O que é controle biológico no MIP?

O controle biológico no MIP é o uso de organismos e de produtos naturais, feitos a partir de compostos de origem biológica, para manejar pragas ou doenças das lavouras de forma sustentável. O objetivo do controle biológico é reduzir a população da praga-alvo a níveis abaixo dos que causam danos, e não erradicá-la completamente. Diferentemente dos pesticidas químicos, esses métodos têm pouco ou nenhum efeito colateral indesejado sobre os seres humanos, o meio ambiente ou a vida silvestre. 

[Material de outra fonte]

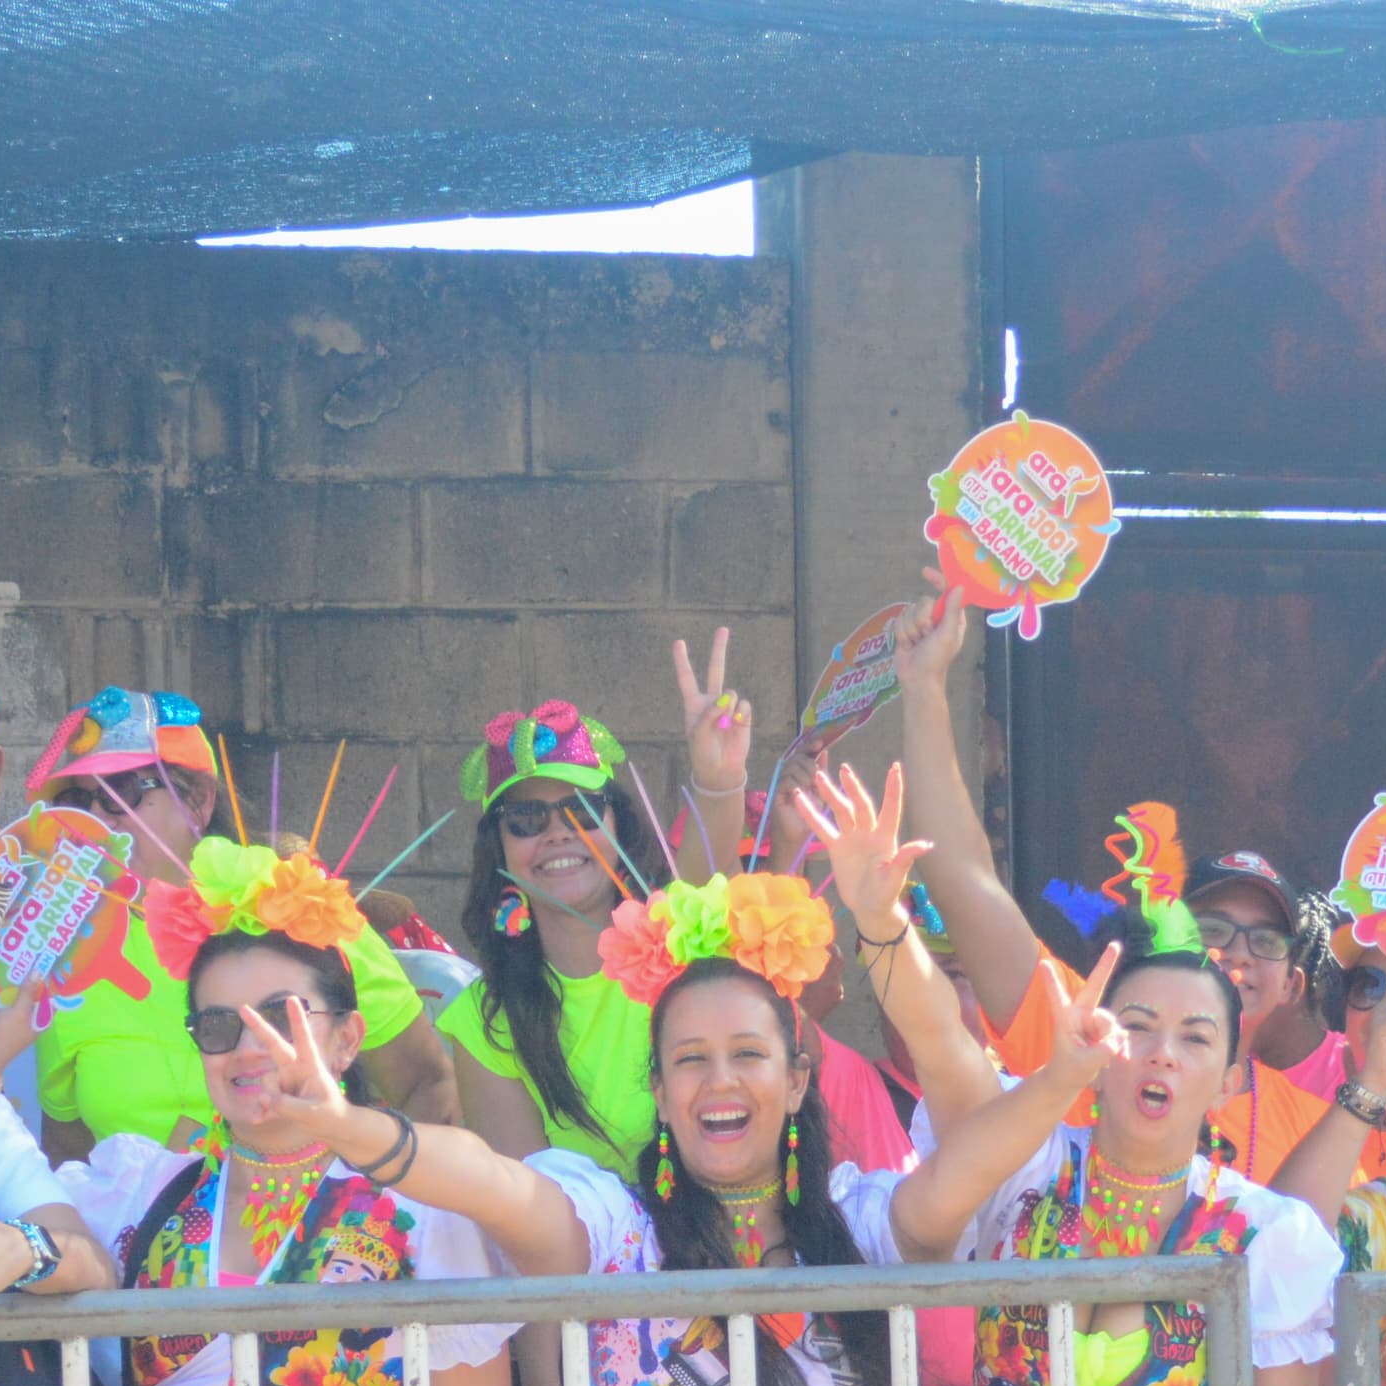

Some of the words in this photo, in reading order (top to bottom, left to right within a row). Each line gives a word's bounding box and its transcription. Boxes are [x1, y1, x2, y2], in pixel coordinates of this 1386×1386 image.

A maioria dos produtos de controle biológico no MIP pode ser aplicada com equipamentos convencionais, como pulverizadores. Esses produtos podem ser utilizados tanto na etapa de controle quanto na de prevenção e são classificados em diferentes categorias, como: 

Agentes microbiológicos – Contêm microrganismos vivos ou seus subprodutos. 
Agentes macrobiológicos – são pequenos animais, como insetos benéficos, que atuam como predadores ou parasitóides naturais de pragas. 
semioquímico – são compostos químicos naturais que alteram ou perturbam o comportamento normal das pragas. 
Substâncias naturais – possuem compostos de origem natural, como óleos botânicos e extratos vegetais.